Bret Michaels has suffered a setback on the road to his recovery from a brain hemorrhage last week.
While doctors have told ABC News that a "full recovery" may still be possible for the rocker and reality star, he has experienced a side effect called hyponatremia, a lack of sodium in the body which could lead to seizures.
The former Poison frontman, 47, remains in intensive care and is said to be in critical, but stable condition.
The setback comes after Michaels' publicist confirmed last week that Michaels had suffered a massive subarachnoid hemorrhage, or bleeding at the base of his brain stem. On Sunday, statements posted on the star's official website indicated that he was still in the intensive care unit at an undisclosed hospital and in critical condition. The statements also indicated that doctors had not yet located the source of the bleeding in his brain.
Doctors have yet to detail exactly what caused the bleeding in the first place. However, some neurologists were optimistic that Michaels would survive the ordeal -- although the recovery process could take several several weeks to months. In a bit of hopeful news, Michaels' father reported that his son was able to talk on Friday, albeit with slurred speech.

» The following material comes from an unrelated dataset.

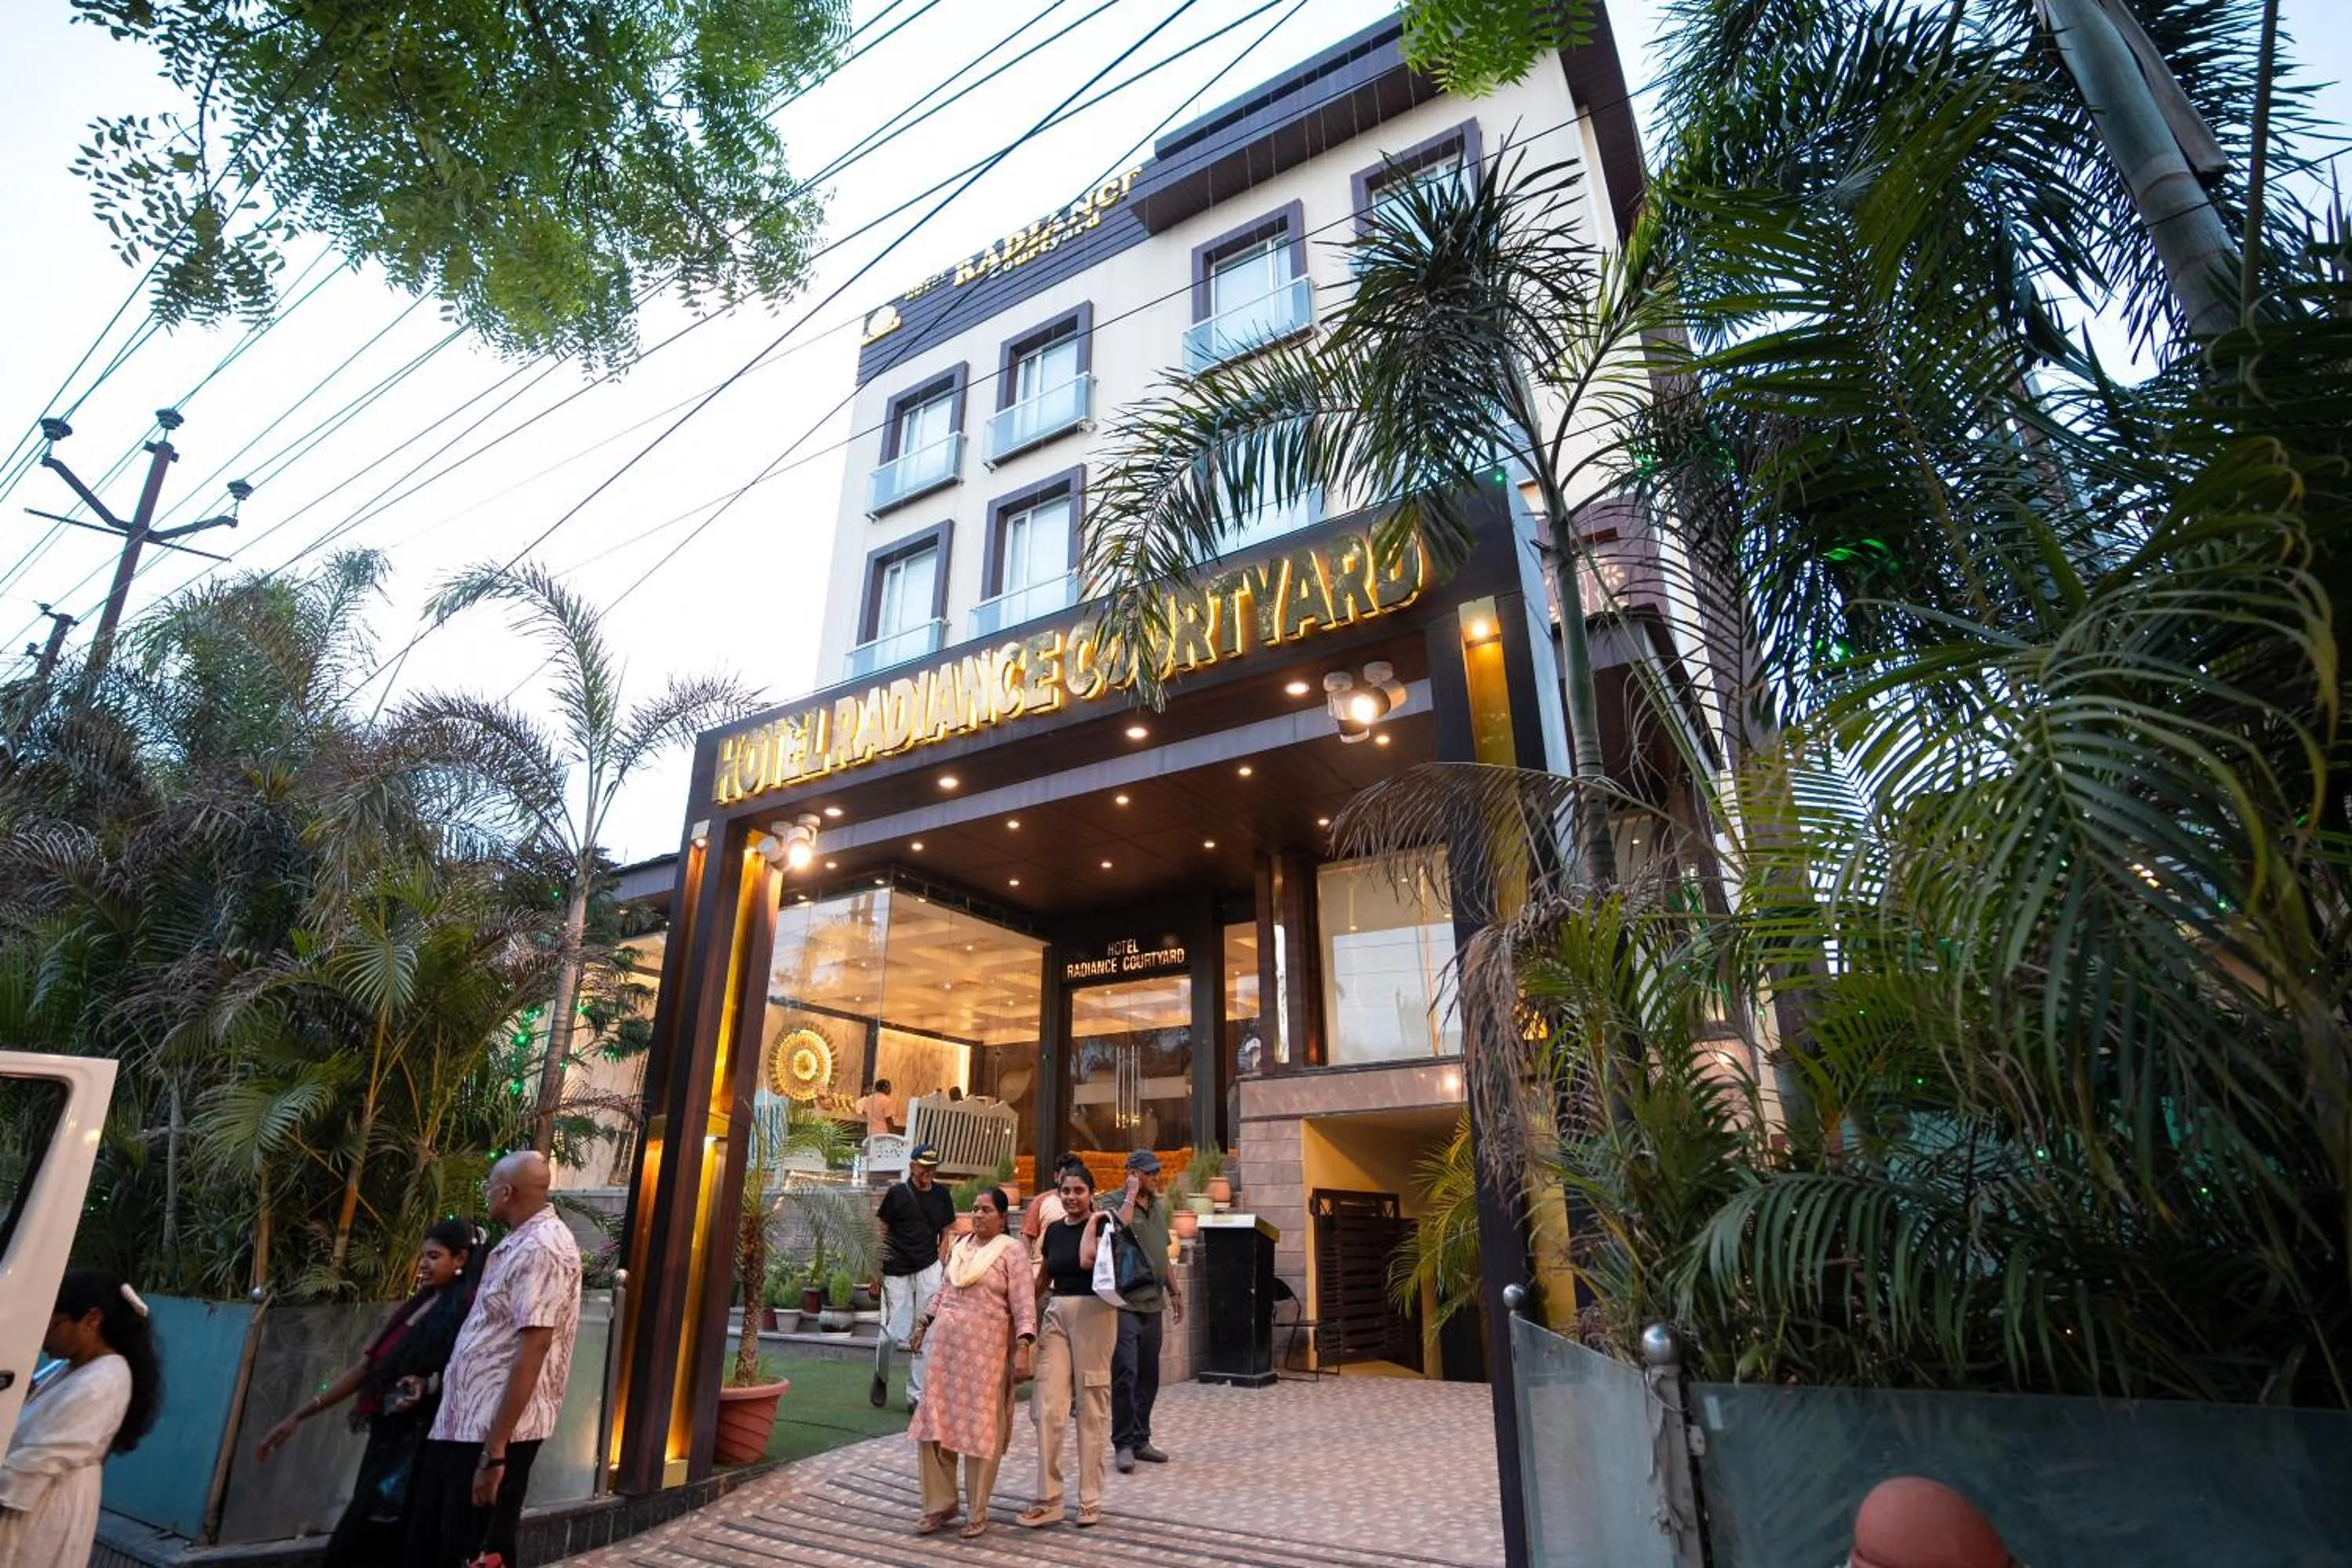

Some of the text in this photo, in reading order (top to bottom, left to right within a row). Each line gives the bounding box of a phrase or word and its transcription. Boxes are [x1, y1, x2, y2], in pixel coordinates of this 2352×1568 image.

[713, 706, 831, 804] HOTEL
[830, 630, 1065, 771] RADIANCE
[1107, 939, 1139, 956] HOTEL
[1067, 948, 1185, 978] RADIANCE COURTYARD

He was also reportedly experiencing blurred vision.
"The long-term prognosis from subarachnoid hemorrhage depends mostly on how poor the patient's condition was on arrival," said Dr. Wendy Wright, an assistant professor of neurology and neurosurgery at Emory University Hospital in Atlanta. "We do know that Mr. Michaels' condition is still being described as critical; that is an automatic label for anyone who is diagnosed with subarachnoid hemorrhage, due to the severe, life-threatening nature of this disease. However, the fact that he is conscious does suggest a better prognosis than if he were comatose.
"Based on how he is being described now, I would like to remain optimistic that he will survive this potentially devastating diagnosis."

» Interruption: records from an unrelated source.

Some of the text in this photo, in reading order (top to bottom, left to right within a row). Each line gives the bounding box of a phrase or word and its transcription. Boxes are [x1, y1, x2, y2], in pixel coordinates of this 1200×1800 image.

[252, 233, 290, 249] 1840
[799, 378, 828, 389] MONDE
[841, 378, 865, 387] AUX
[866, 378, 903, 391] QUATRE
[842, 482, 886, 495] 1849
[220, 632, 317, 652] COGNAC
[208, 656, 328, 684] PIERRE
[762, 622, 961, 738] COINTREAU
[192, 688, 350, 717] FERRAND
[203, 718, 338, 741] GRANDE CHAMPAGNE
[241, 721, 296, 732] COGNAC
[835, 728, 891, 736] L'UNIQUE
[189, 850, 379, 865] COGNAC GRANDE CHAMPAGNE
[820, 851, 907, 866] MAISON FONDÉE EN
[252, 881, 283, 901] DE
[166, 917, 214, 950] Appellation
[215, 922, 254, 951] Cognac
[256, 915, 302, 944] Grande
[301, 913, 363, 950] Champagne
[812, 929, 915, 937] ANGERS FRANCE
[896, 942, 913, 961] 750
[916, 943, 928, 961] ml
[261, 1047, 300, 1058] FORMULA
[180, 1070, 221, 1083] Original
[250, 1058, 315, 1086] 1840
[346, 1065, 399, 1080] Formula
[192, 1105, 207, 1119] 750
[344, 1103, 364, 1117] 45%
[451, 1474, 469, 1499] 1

"The fact that he's made it to a hospital and is apparently in some sort of reasonable condition... that's a good sign." Said Dr. Arno Fried, chairman of Neurosurgery at Hackensack University Medical Center in Hackensack, N.J. "I would describe [Michaels' condition] as guarded. If the bleed has not caused too much damage, the possibility of recovery is quite good."

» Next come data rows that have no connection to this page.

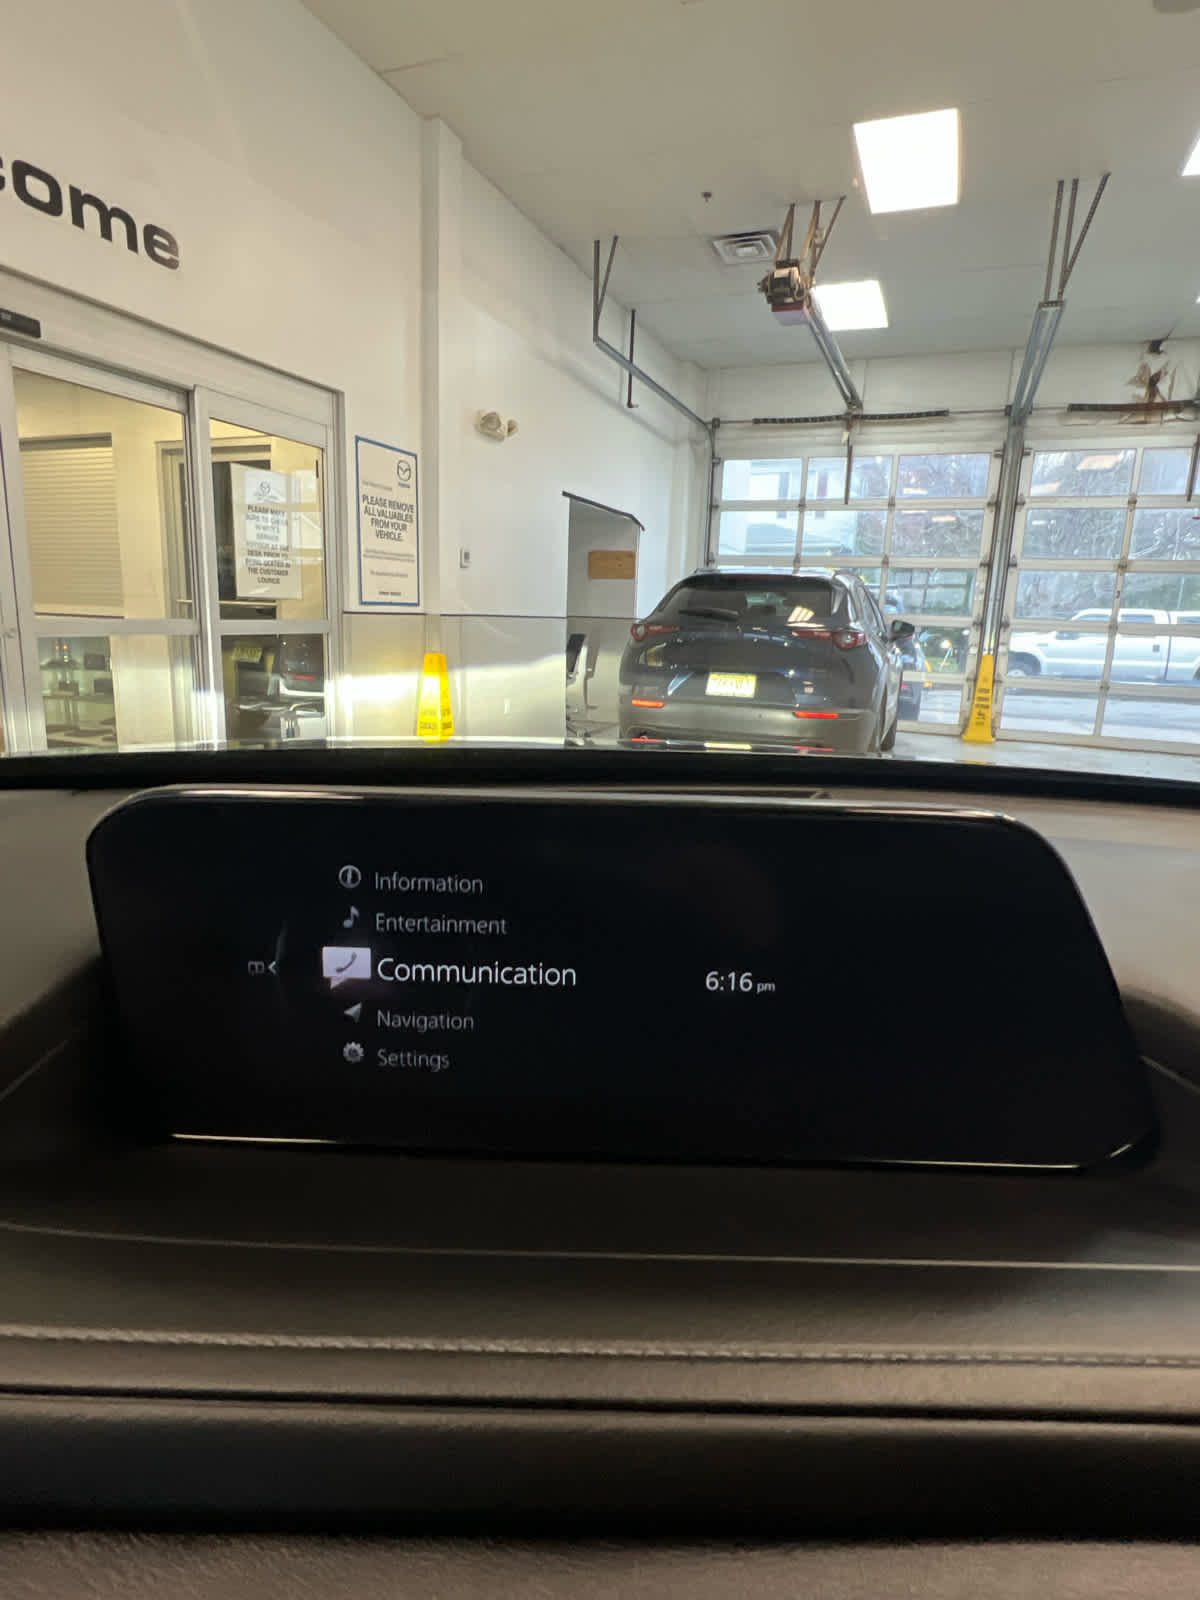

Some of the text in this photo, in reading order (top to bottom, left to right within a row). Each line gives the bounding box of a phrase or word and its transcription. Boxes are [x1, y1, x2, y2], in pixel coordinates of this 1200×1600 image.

[0, 157, 180, 270] ome
[362, 494, 414, 514] PLEASE REMOVE
[364, 506, 414, 524] ALL VALUABLES
[370, 518, 408, 532] FROM YOUR
[374, 871, 484, 894] Information
[375, 912, 508, 935] Entertainment
[376, 957, 578, 987] Communication
[705, 970, 776, 995] 6:16 pm
[376, 1009, 475, 1032] Navigation
[376, 1047, 450, 1072] Settings
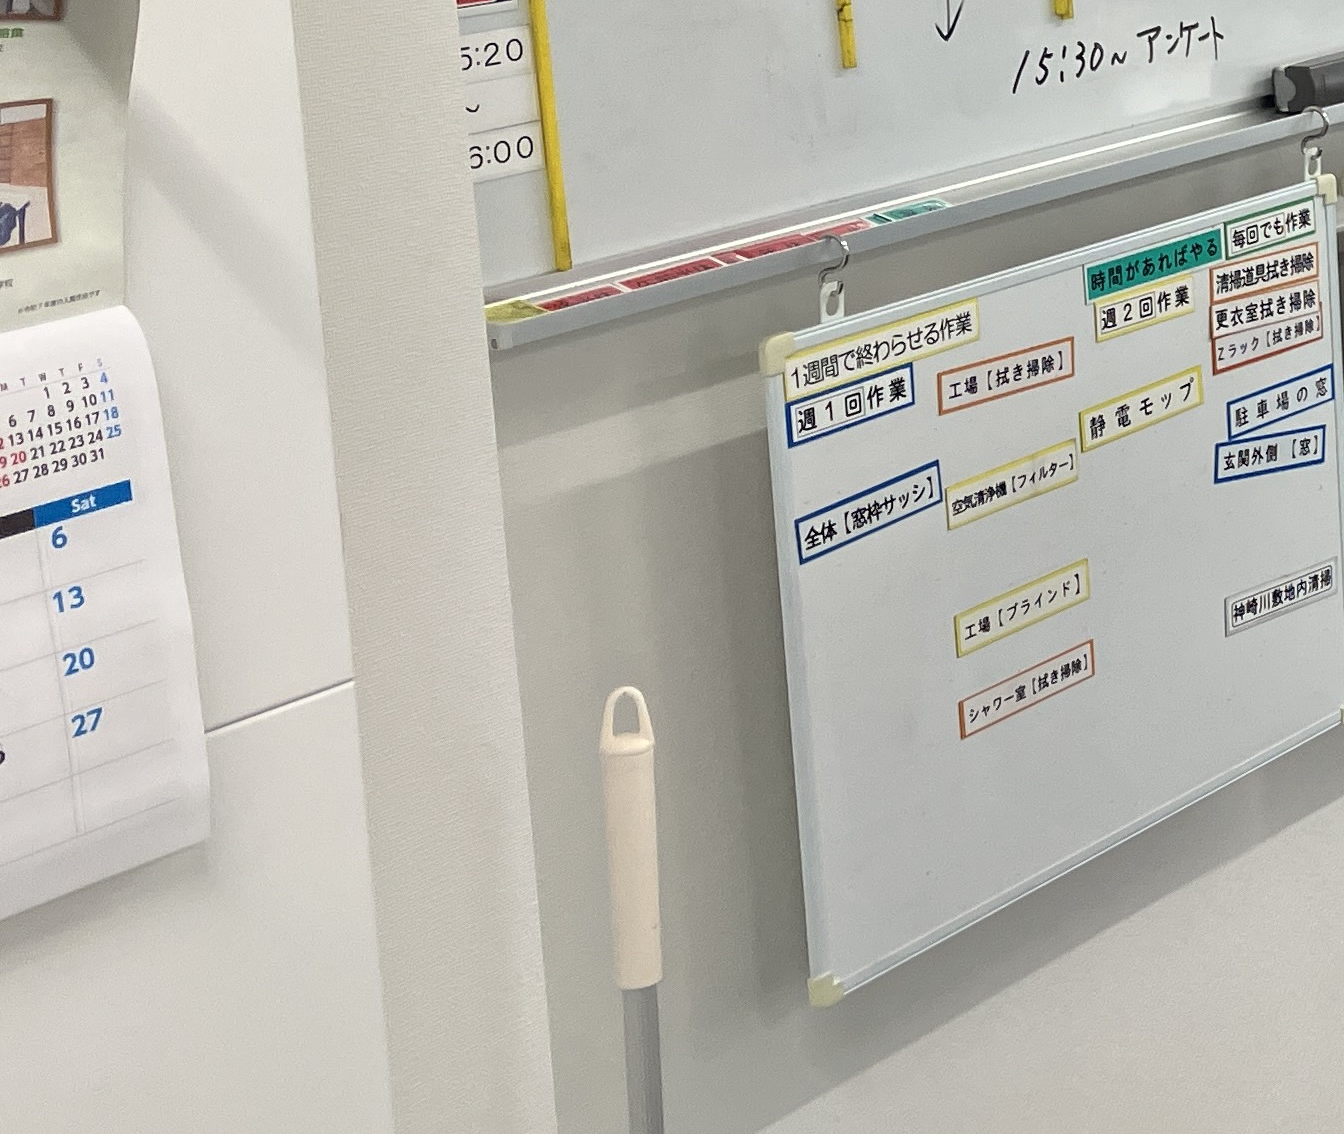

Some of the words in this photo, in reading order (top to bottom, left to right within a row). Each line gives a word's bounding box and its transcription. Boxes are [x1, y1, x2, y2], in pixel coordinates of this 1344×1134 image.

Dr. Daniel Barrow, who is chairman neurosurgery at Emory University Hospital, agreed that the latest reports suggest that Michaels' condition could be far worse.
"If he is hospitalized and speaking, he is in a much, much better category with regard to the possibility of a good recovery," Barrow said. "The best outcome is that he will be able to resume all of his previous activities with no complications. That is conceivable."
But, Barrow said, "There are many hurdles to cross before [Michaels] is out of the woods."
Part of determining exactly what these hurdles are depends on doctors' ability to determine the nature of the bleeding. Neurologists have said an aneurysm -- a balloon-like bulge in an artery that has the potential to rupture -- is a possible cause.